The ruling, originating from the litigation between A. G. and G., quashed and decided on the merits a judgment by the Court of Appeal of Ancona dated June 13, 2022. The central issue is the compatibility of claims made clauses with the requirement of the contract's concrete cause, a crucial topic for professionals and insured parties.
To understand the Order, it is useful to distinguish between the types of "claims made" clauses. Unlike "loss occurrence" policies, which cover events that occurred during the policy's validity, claims made clauses focus on the date of the claim for compensation.
Order No. 15447/2025 focuses on impure claims made, stating that its validity is not automatically compromised by the absence of a "sunset clause."
The key principle enunciated by the Supreme Court is as follows:
In the context of civil liability insurance, in the presence of an impure claims made clause – which extends coverage to the insured's conduct prior to the contract's stipulation date, provided that claims for compensation are made during the policy's term – the lack of a so-called sunset clause – which guarantees the insured even for claims received for a period after the contract's expiry – does not in itself render the contract void for lack of concrete cause.
This ruling is decisive: the mere absence of a "sunset clause" – which would extend coverage for future claims related to events that occurred during the policy period – does not automatically invalidate the insurance contract for "lack of concrete cause." The concrete cause, referred to in Articles 1322 and 1419 of the Civil Code, is the individual economic purpose that the parties intend to achieve. The Court of Cassation, in line with previous orientations (see No. 6490 of 2024), highlights that validity must be assessed within the overall context of the contract, considering the balance of interests and the protectability of the agreed arrangement.
The "sunset clause" is a provision that extends insurance coverage for claims presented after the policy's expiry, provided they relate to wrongful acts that occurred during the contract's validity. Its function is clear: to protect the insured from claims that may arise even some time after the policy has ceased.
While recalling that Law No. 24/2017 (Gelli-Bianco Law) mandates the "sunset clause" for healthcare policies (Art. 11), Order No. 15447/2025 clarifies that its absence in other sectors does not lead to automatic nullity. The parties, exercising contractual autonomy (Art. 1322 c.c.), may legitimately choose not to include it, provided the contract maintains its essential insurance function and is not devoid of economic significance.
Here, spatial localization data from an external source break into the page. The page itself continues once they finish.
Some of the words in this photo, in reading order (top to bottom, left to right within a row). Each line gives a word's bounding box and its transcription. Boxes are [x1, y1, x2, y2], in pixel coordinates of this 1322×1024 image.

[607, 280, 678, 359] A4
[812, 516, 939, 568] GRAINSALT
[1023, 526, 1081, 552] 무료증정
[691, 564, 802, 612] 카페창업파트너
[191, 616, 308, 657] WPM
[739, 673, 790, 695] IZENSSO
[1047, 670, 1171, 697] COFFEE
Order No. 15447/2025 of the Court of Cassation provides important interpretative guidance. The validity of claims made clauses is not rigidly tied to the presence of the sunset clause but requires careful assessment of the concrete cause and the balancing of contractual interests. It is not a matter of automatic nullity, but rather of seeking a "fair balance" between the parties.
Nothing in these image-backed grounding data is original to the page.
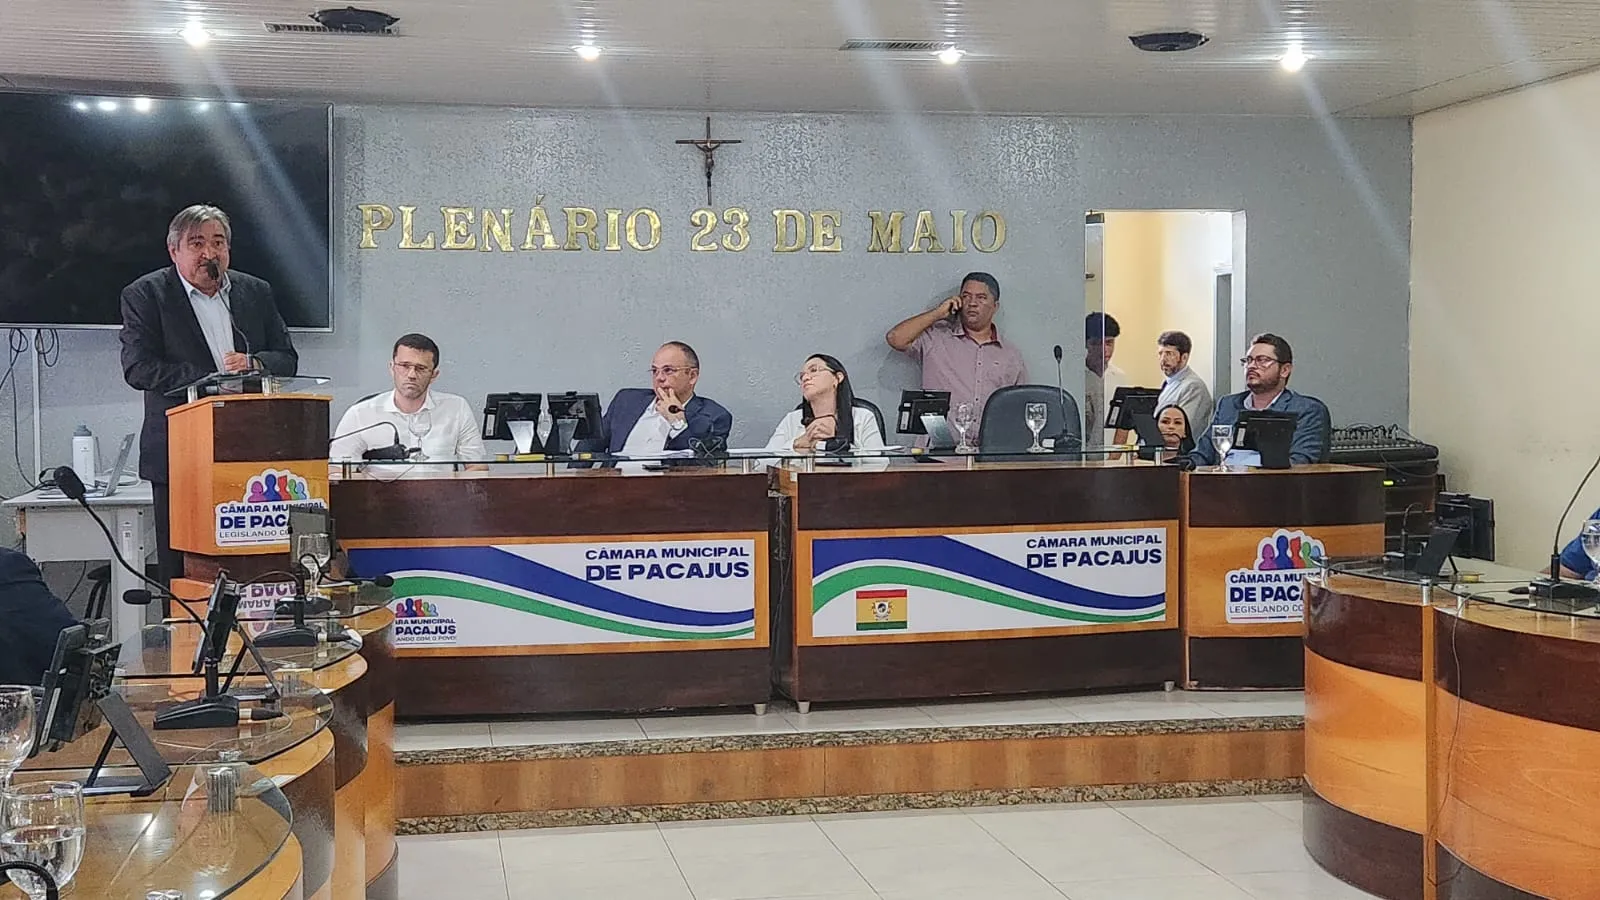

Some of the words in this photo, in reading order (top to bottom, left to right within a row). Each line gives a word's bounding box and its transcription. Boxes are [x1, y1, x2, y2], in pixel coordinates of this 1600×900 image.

[358, 194, 662, 252] PLENÁRIO
[690, 208, 750, 252] 23
[773, 208, 843, 252] DE
[867, 209, 1008, 253] MAIO
[220, 504, 270, 514] CÂMARA
[220, 516, 246, 529] DE
[250, 514, 288, 528] PAC
[219, 530, 277, 538] LEGISLANDO
[1026, 536, 1087, 549] CÂMARA
[1091, 535, 1162, 546] MUNICIPAL
[585, 547, 657, 560] CÂMARA
[662, 547, 750, 558] MUNICIPAL
[1026, 553, 1057, 569] DE
[1062, 549, 1162, 567] PACAJUS
[586, 565, 621, 581] DE
[628, 562, 750, 580] PACAJUS
[1230, 573, 1281, 583] CÂMARA
[1229, 587, 1257, 602] DE
[1261, 585, 1304, 602] PAC
[1229, 604, 1290, 614] LEGISLANDO
[395, 625, 456, 635] PACAJUS
For the insured, it is crucial to carefully read the policy conditions and seek qualified legal advice to ensure that the coverage is adequate for their needs. For companies, the ruling reiterates the importance of transparency and contractual clarity, fundamental elements for a relationship of trust and for preventing future disputes. In summary, claims made clauses remain valid instruments, provided they are included in a framework that guarantees the effective protection of the insured risk.